If a business can't figure out whether it has enough data available to answer such questions and, it can't determine whether the data is well-organized enough to support the research, then a data scientist won't be able to do so either. Or rather, a data scientist will be able to produce answers, but the person will spend most of his or her time in the role doing janitorial data anthropology, which is extremely important work, but not why you hired a data scientist.

If that's the kind of work your business needs, make it clear up-front. If you don't, your data scientist, who was expecting to solve important business problems, will become extremely frustrated trying to figure out why he or she is labeling training data for the fifth week in a row. Instead, hire a data engineer or architect to make sense of and organize your data before the data scientist steps in.
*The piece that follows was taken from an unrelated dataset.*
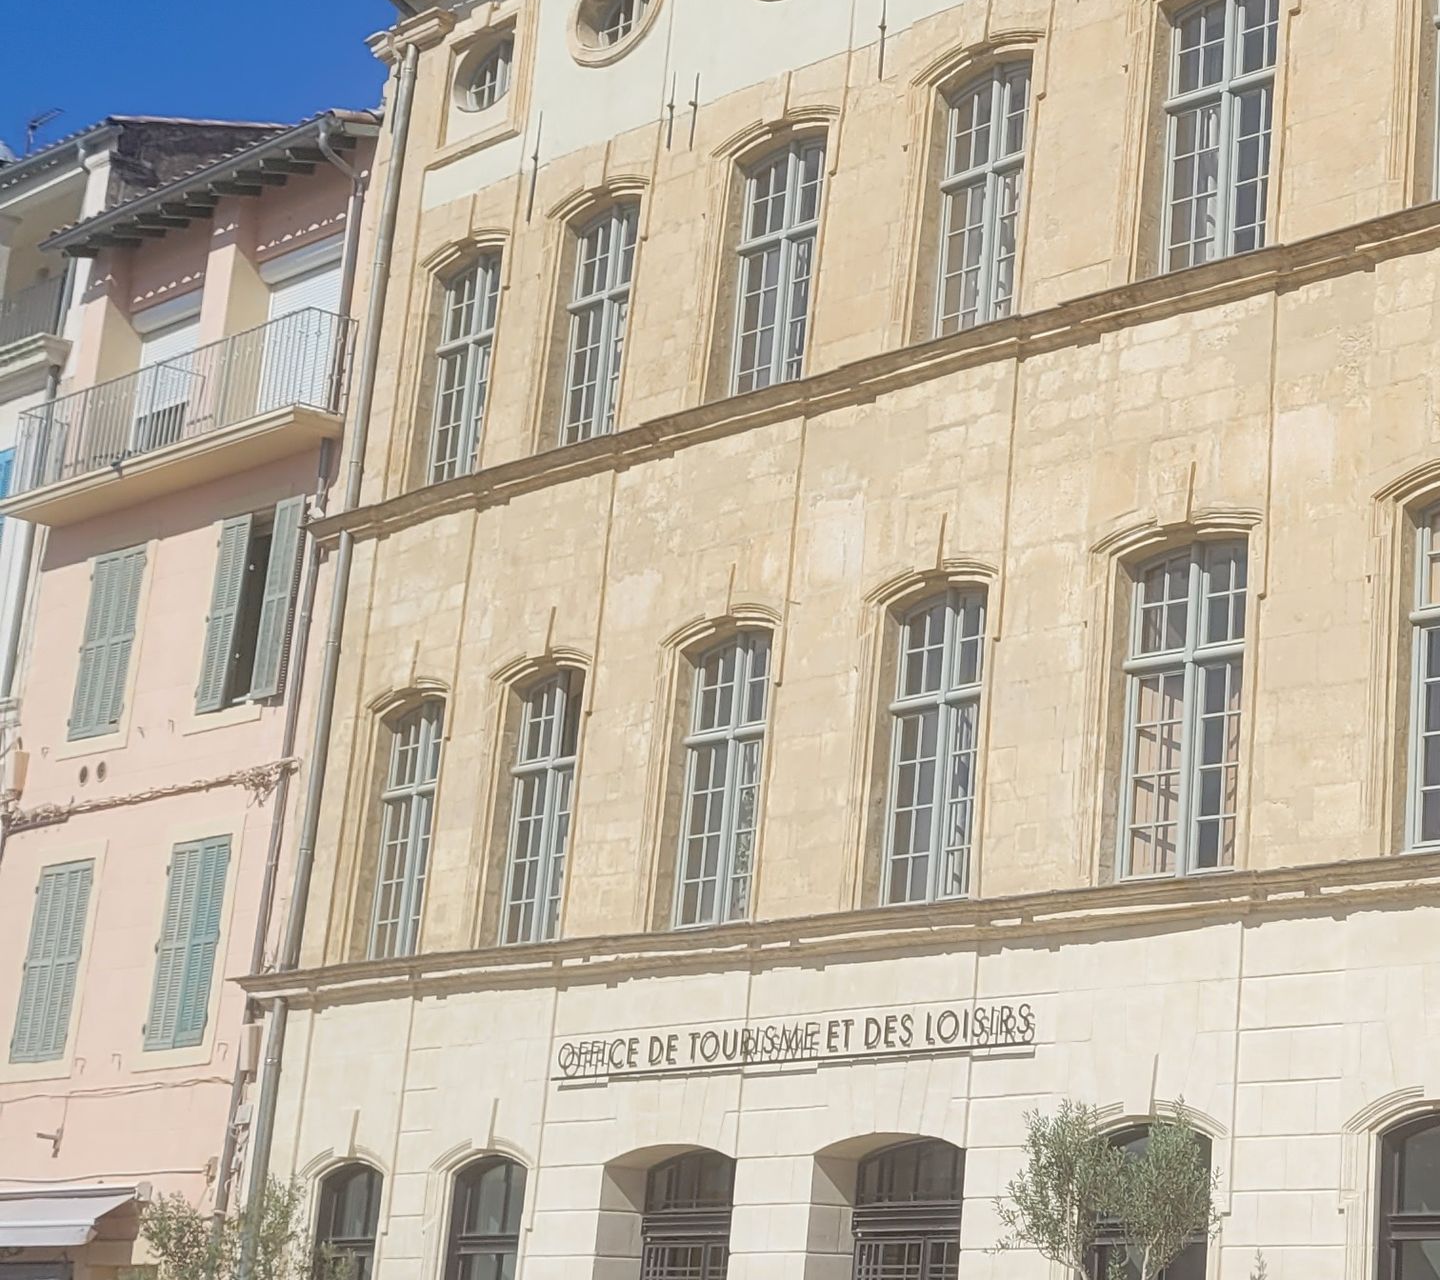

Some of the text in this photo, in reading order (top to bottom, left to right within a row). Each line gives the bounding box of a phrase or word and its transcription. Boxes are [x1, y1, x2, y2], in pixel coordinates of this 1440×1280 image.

4) You Need a Data Scientist to Work on Deep Learning with Big Data

This is the most pervasive myth of the hype cycle. Just as you don't always need a software developer to work with Go and microservices on containers, you don't always need a machine learning engineer specializing in Julia to work on neural nets.

Although many companies don't understand what they need from a data scientist, I often see employment ads for data scientists who hold a PhD in statistics or machine learning. Unless your company is doing groundbreaking research for SpaceX or CERN, you probably don't need a PhD. Most problems revolve around simple questions such as these:

  • How do we understand our customers better?
  • How do we get more people to click on thing X or Y?
  • Should we move our data to Hadoop? How? And how much?
  • How do we count - and increase - the number of products we sell?
  • We have data in two places; how do we get it into one place?

An academic will understand the deep statistics, but will not necessarily understand the business problem you're trying to solve, unless they've had previous industry experience. To answer these questions, it's important to have someone who has a breadth of experience across industries, or a depth of experience in a single industry (i.e. expertise in ecommerce or healthcare). You also don't always need complicated algorithms to solve routine business problems.

As a point of comparison: I find that many companies that are considering entering the world of big data express interest in implementing a Hadoop cluster. After all, it's trendy. But for many companies, it's also unnecessary. The same can be said of hiring a highly-credentialed data scientist. Hands-on technical experience may be of far greater value than impressive academic credentials.

In general, the hype cycle around data science has made it seem much more glamorous and complicated than the work is in actuality, and it's important to parse out the real work that needs to be done between the haze of buzzwords. Within the data industry and the data science profession, it's important to clear up the misconceptions so we can get to the real work of solving business problems.